Vingtième partie.

18 5 6
                                    


Nous attendons la prof de maths devant la salle, plus ou moins patiemment. Je dois avouer que j'ai un peu peur de croiser Pierre, Léa ou Mystérieuse. Évidemment, je ne laisse pas mes émotions transparaître. Je soupire. Comme toujours, Mme Chanleg est en retard. Ça ne m'étonne même plus, mais certains élèves autour de moi arrivent tout de même à être surpris.

Ils sont vraiment très doués.

Un groupe plus bruyant que les autres attire mon attention. Je suis à peine étonnée quand je reconnais les auteures de ce vacarme.

- Genre, elle a fait un coma idyllique !

- Arrête, Cérim, on sait tous que c'était toi la torchée hier.

Elle et sa team de cruches rient comme des bouffonnes. J'ai envie de leur faire ravaler leur hilarité. Qu'est-ce qu'elles peuvent m'énerver ! Au moment où je soupire de désespoir, un autre souffle se fait entendre à côté de moi. Surprise, je tourne la tête et découvre Léa. Mon sang ne fait qu'un tour et je m'apprête à l'insulter vertement, mais son air débile me prend de court.

- Saluuuuut ! Bien dormi ?

Elle a un sourire jusqu'aux oreilles, mais son regard ne trompe pas : il y a quelque chose derrière cette attitude. Je décide de moi aussi jouer le jeu.

- Ouais, ça va. Je suis rentrée vers une heure du mat' chez moi, hier.

- Cool.

Un petit silence gênant s'installe. Je décide de jouer d'une pierre deux coups : briser la glace avec elle et enfoncer la conne hilare en face de moi.

- Tu sais quoi ?

Elle secoue la tête, surprise que je continue la conversation. Elle me répond d'un ton neutre :

- Non, qu'est-ce qu'il y a ?

- Cérim ne m'a même pas reconnue à sa fête.

Cette dernière se retourne vivement.
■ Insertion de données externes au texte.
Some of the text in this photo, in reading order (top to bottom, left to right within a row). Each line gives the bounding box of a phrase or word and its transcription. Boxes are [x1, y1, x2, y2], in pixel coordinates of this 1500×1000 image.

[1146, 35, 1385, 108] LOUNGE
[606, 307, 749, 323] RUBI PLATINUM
J'entends un soupir de Léa, sûrement preuve de son agacement envers moi. Je n'en ai cure. Je verrouille le regard de mon hôte de la veille dans le mien.

Elle semble étonnée qu'on l'appelle, mais une émotion plus forte se cache au fond de ses pupilles... Je n'ai pas besoin de creuser pour savoir, mes années d'expériences en la matière font le travail à ma place : ses yeux brillent d'éclats de peur.

Prévisible.

- C'est vrai qu'elle s'amusait à tripoter Flame en plein milieu de la piste de danse au lieu d'accueillir ses invités ! Et vous savez ce qu'elle a sorti ?
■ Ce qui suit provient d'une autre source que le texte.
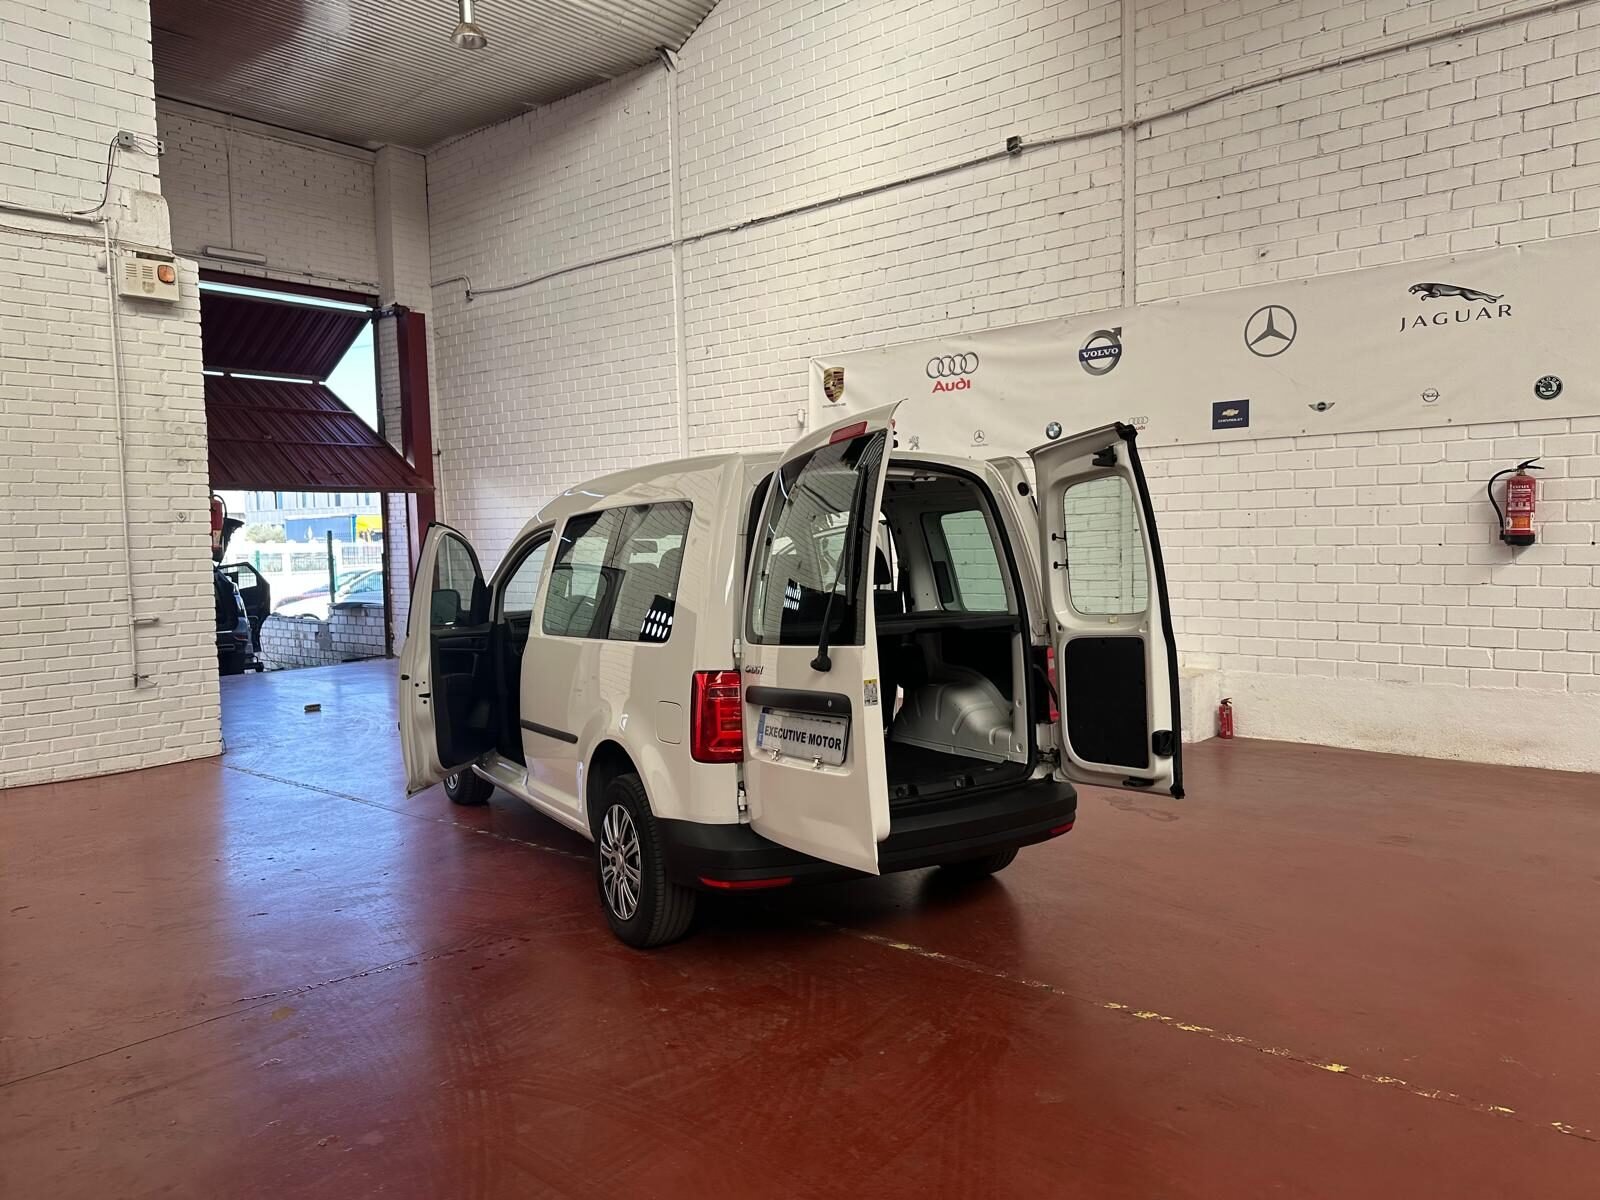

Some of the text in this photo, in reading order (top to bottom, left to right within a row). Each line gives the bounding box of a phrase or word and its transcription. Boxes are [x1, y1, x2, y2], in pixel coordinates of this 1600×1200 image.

[1400, 304, 1512, 332] JAGUAR
[1082, 347, 1119, 358] VOLVO
[932, 378, 971, 393] Audi
[764, 725, 807, 744] EXECUTIVE
[808, 733, 842, 751] MOTOR
Ses amies font "non" de la tête.

- Écoute, c'est pas la peine, F--

Tellement prévisible que ça en devient ennuyeux. Je continue tout de même jusqu'au bout. C'est toujours si satisfaisant d'accomplir ce que tu as commencé, n'est-ce pas ?
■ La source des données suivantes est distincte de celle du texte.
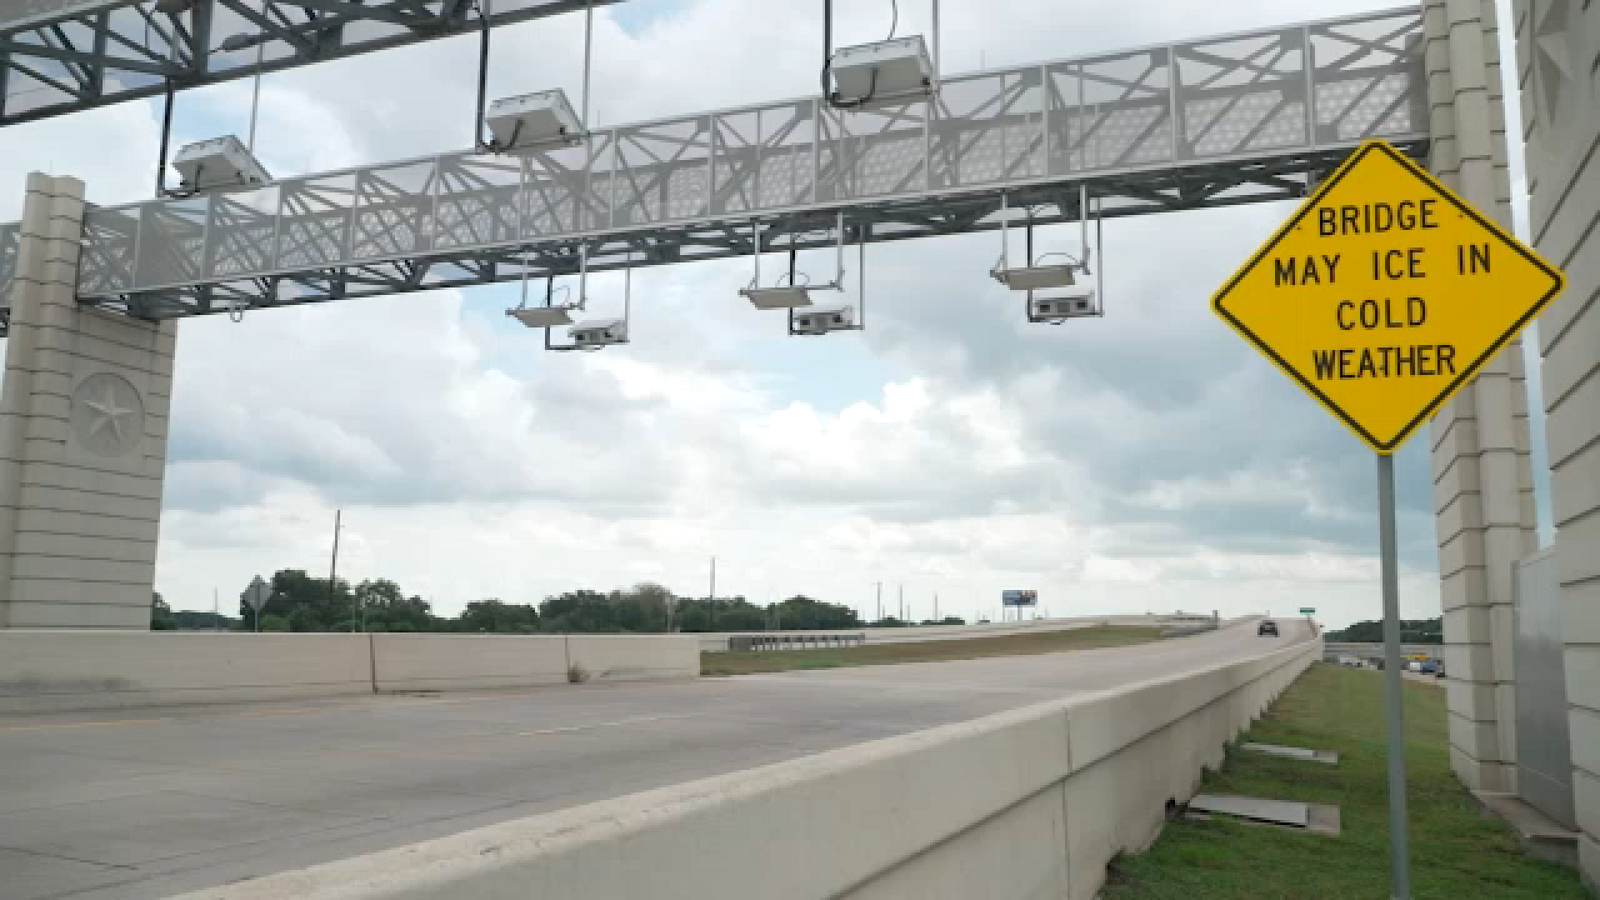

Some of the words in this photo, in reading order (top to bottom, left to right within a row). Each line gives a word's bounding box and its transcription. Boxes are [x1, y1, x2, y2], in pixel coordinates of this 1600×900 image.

[1318, 199, 1439, 236] BRIDGE
[1274, 254, 1341, 286] MAY
[1373, 248, 1426, 281] ICE
[1458, 243, 1491, 276] IN
[1337, 296, 1426, 331] COLD
[1313, 345, 1456, 380] WEATHER
- Elle m'a dit : "Sorry, t'es qui déjà ?". Excuse-moi, mais y'a mieux comme première impression.

Ce n'est sûrement pas la phrase exacte. Mes souvenirs commencent un peu à devenir flous à propos de ce qu'il s'est passé hier, avant cette foutue deuxième bouteille. De toute façon, personne ne pourra venir témoigner. Je termine cette conversation en me détournant de cette pouffe, la laissant totalement décontenancée. Je croise le regard mauvais de Léa, mais je m'en fous. Qu'est-ce qu'elle pourrait me faire, de toutes manières ?

Je manque de me stopper dans mon mouvement quand je vois Pierre sortir de la cage d'escaliers. Une sueur froide coule le long de mon dos. Est-ce que je fais comme si on était en couple ? Quel comportement dois-je feindre ? Dois-je l'ignorer, ou est-ce qu'une intimité s'est installée entre nous ?

Sans aucun indice sur l'attitude à prendre, j'adopte un visage neutre par défaut. Je le fixe d'une manière très insistante alors qu'il arrive à ma hauteur, comme pour lui signifier que j'ai besoin de lui pour m'éclairer. Heureusement - ou malheureusement - il ne semble esquisser aucun geste particulier vers moi. Je le salue d'un hochement de tête. Il fait de même.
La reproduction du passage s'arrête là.